Why does theano.function need to know the inputs and outputs?

I know this isn’t necessarily part of the course, but thought a lot of people here might have a better idea on how Theano works internally. Say that I want to do a simple dot product between a matrix and a vector

It makes sense that we first need to create the variables as that’s how the computation graph is built

A = T.matrix("A")
v = T.vector("v")

then we define the dot product, which continues building the computation graph adding an operation between A and v and stores the result of the dot product in a new graph node x.

x = A.dot(v)

then it makes sense that we have to compile the graph into actual executable code, so I assume this is where the CUDA’s nvcc gets the job done and builds a native function:

f = theano.function(inputs=[A, v], outputs=w)

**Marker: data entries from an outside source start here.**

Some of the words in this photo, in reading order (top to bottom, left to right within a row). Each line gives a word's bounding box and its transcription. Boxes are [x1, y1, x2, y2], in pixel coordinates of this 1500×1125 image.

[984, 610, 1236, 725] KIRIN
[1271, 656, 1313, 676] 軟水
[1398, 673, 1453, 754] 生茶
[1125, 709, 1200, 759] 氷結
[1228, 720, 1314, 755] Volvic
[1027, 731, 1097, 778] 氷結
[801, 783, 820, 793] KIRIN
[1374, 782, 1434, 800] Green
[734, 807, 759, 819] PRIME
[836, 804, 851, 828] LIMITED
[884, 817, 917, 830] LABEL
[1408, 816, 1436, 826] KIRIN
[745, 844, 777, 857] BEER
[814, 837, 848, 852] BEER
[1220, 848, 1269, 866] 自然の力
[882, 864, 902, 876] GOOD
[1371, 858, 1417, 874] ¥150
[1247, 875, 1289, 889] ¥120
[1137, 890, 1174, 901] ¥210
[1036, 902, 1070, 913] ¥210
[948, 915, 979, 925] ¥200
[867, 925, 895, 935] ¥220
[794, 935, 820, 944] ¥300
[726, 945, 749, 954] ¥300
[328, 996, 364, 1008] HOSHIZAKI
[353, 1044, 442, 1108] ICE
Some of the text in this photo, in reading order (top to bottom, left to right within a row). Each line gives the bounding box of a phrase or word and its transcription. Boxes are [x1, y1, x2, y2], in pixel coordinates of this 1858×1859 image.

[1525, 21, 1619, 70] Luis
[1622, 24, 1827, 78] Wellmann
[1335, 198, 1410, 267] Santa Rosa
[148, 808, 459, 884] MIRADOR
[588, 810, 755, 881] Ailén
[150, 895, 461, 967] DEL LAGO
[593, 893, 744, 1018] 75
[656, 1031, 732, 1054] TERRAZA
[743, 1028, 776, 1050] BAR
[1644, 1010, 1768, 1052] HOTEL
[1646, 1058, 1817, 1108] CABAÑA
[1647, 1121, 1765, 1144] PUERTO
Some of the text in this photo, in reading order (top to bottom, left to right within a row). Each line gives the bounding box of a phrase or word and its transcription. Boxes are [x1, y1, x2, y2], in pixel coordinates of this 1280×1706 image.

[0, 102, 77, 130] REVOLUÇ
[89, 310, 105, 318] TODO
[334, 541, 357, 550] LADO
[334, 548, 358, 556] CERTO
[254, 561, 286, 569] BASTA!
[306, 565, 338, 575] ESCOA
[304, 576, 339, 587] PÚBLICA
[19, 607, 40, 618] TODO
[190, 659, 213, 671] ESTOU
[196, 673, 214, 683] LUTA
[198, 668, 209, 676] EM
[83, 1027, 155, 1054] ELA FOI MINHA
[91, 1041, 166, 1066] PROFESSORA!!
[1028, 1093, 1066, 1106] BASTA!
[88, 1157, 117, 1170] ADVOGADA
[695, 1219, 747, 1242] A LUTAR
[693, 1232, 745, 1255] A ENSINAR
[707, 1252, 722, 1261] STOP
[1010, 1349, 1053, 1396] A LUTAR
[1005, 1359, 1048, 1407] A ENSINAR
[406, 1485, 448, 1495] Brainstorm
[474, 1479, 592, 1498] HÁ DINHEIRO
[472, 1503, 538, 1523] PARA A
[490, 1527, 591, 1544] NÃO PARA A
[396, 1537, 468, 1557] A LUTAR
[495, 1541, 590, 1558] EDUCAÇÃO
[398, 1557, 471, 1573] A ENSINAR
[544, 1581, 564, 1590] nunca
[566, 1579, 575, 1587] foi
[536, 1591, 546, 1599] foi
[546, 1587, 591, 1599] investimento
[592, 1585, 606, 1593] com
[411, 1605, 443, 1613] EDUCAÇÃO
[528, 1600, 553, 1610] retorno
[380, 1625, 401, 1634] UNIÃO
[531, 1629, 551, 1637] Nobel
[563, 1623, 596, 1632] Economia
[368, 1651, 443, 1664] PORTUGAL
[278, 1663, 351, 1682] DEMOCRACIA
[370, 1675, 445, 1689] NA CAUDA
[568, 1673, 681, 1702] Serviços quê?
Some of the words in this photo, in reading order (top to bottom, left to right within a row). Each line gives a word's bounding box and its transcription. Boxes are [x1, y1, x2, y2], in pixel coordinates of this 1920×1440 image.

but what I don’t is why we need to specify both the inputs and the outputs? Why can’t theano simply infer what are the inputs based on the resulting node w? Is this because we might create a function for only a portion of the whole graph?

If so, can I take an arbitrary computation graph and “slice” a part of it as a function by simply saying which nodes are the starting points and which I want as the result, and build a Theano function out of that?


edit: Just to clarify, my question is why do I need to specify both the inputs and outputs when the computation dependencies are already defined by the outputs and Theano would have to verify that the graph is complete anyway, right?